(Source data)
==============================

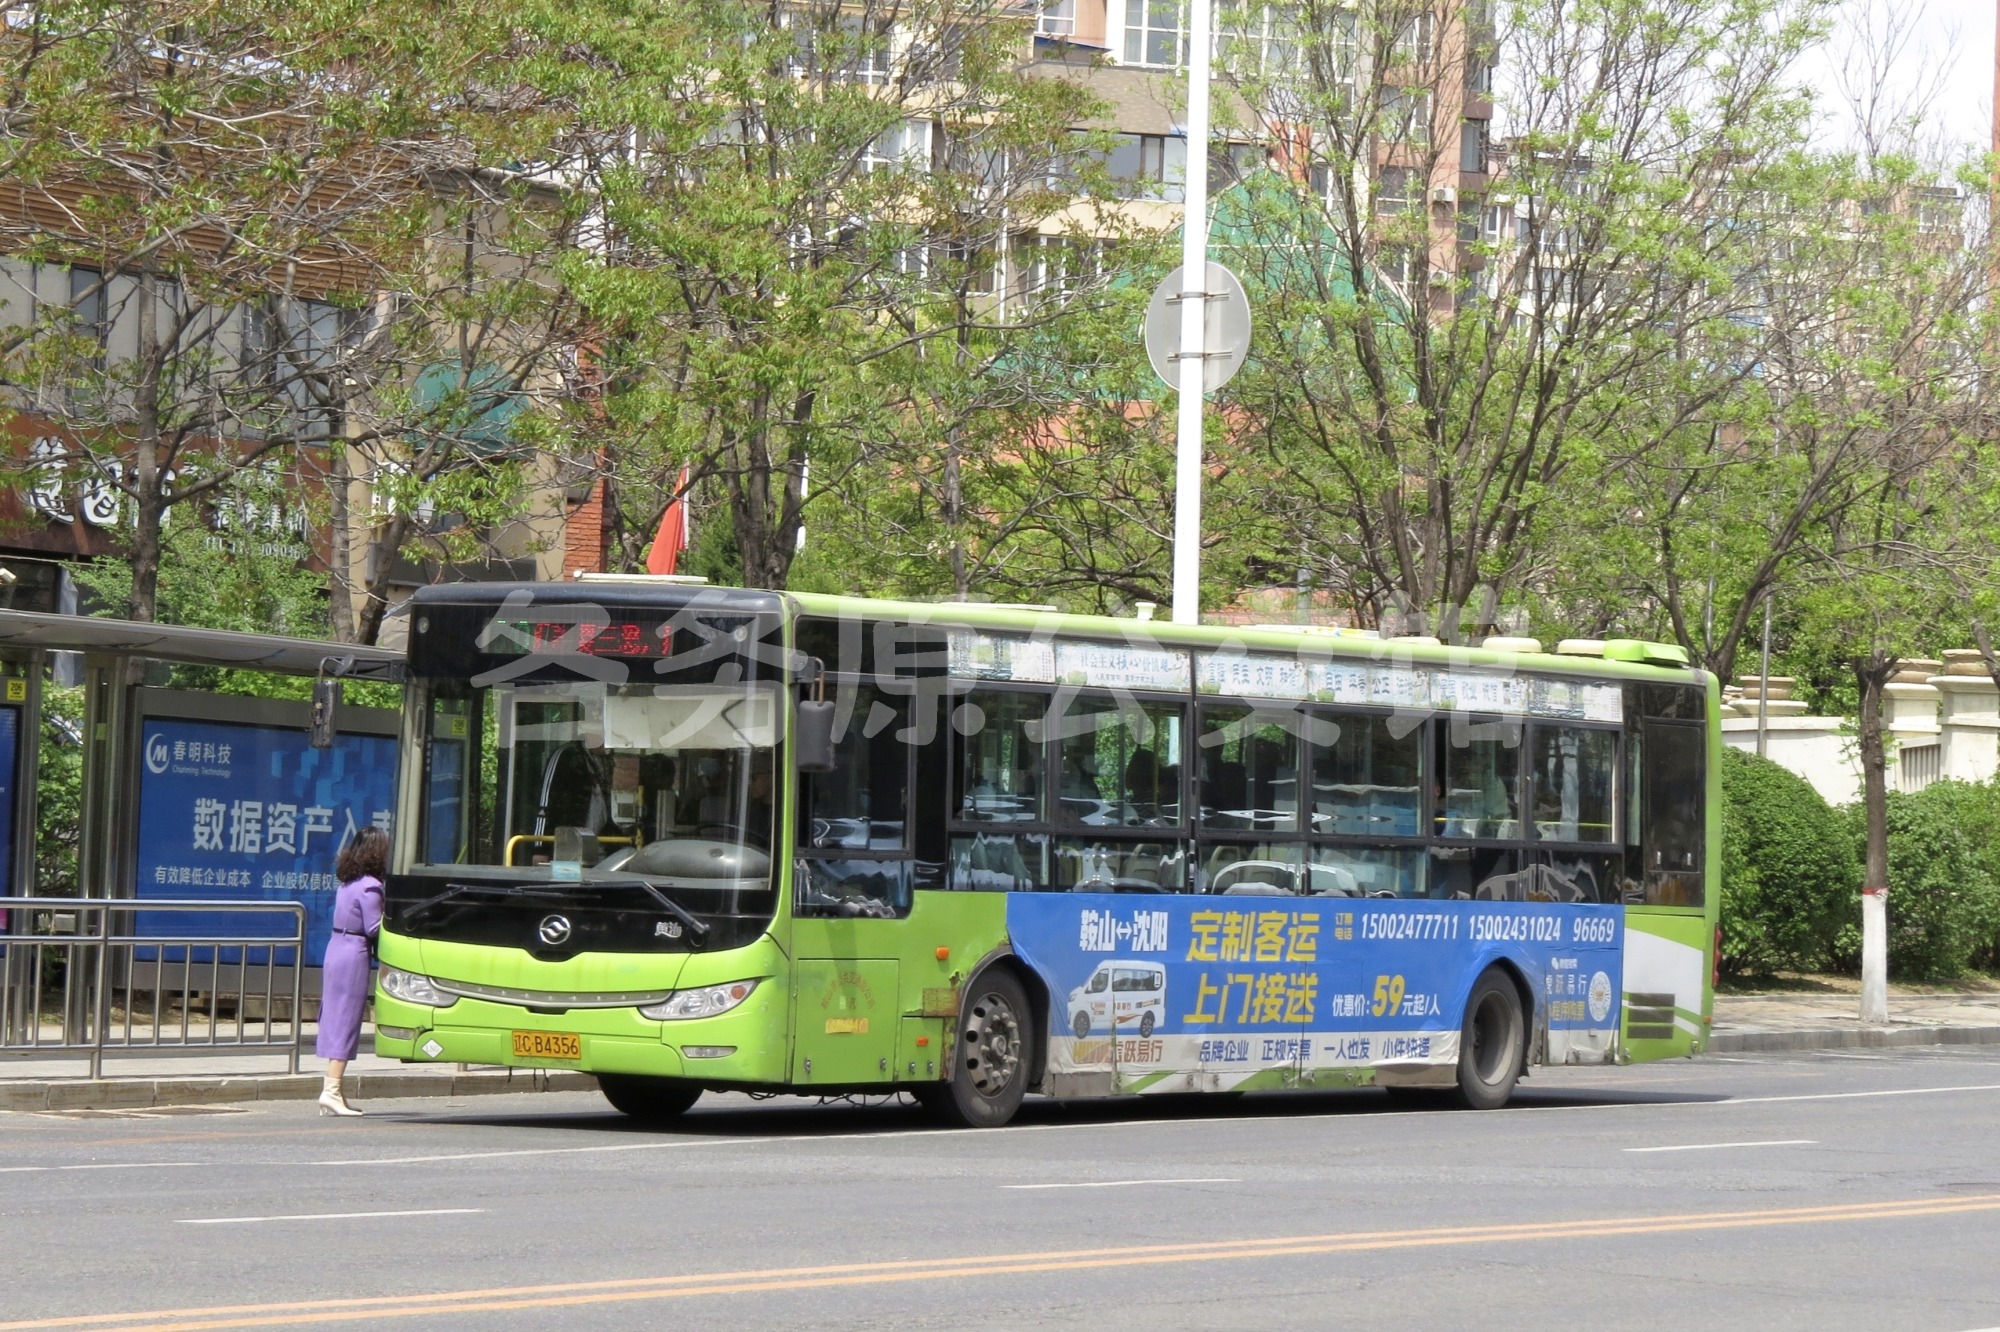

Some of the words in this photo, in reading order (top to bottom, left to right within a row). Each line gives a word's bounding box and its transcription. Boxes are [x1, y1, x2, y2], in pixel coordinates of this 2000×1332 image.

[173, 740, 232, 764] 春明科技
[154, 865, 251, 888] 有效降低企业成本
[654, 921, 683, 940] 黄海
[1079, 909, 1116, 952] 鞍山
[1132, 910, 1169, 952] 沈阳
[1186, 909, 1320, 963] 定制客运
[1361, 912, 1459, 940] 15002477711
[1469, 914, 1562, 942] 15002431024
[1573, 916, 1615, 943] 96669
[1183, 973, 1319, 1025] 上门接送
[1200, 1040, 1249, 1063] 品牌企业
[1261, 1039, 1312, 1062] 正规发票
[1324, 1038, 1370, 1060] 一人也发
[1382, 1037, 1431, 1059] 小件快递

==============================

Every record above should be written out again exactly; the pictures stay out of the copy.

Result of the exercise —
Some of the words in this photo, in reading order (top to bottom, left to right within a row). Each line gives a word's bounding box and its transcription. Boxes are [x1, y1, x2, y2], in pixel coordinates of this 2000×1332 image.

[173, 740, 232, 764] 春明科技
[154, 865, 251, 888] 有效降低企业成本
[654, 921, 683, 940] 黄海
[1079, 909, 1116, 952] 鞍山
[1132, 910, 1169, 952] 沈阳
[1186, 909, 1320, 963] 定制客运
[1361, 912, 1459, 940] 15002477711
[1469, 914, 1562, 942] 15002431024
[1573, 916, 1615, 943] 96669
[1183, 973, 1319, 1025] 上门接送
[1200, 1040, 1249, 1063] 品牌企业
[1261, 1039, 1312, 1062] 正规发票
[1324, 1038, 1370, 1060] 一人也发
[1382, 1037, 1431, 1059] 小件快递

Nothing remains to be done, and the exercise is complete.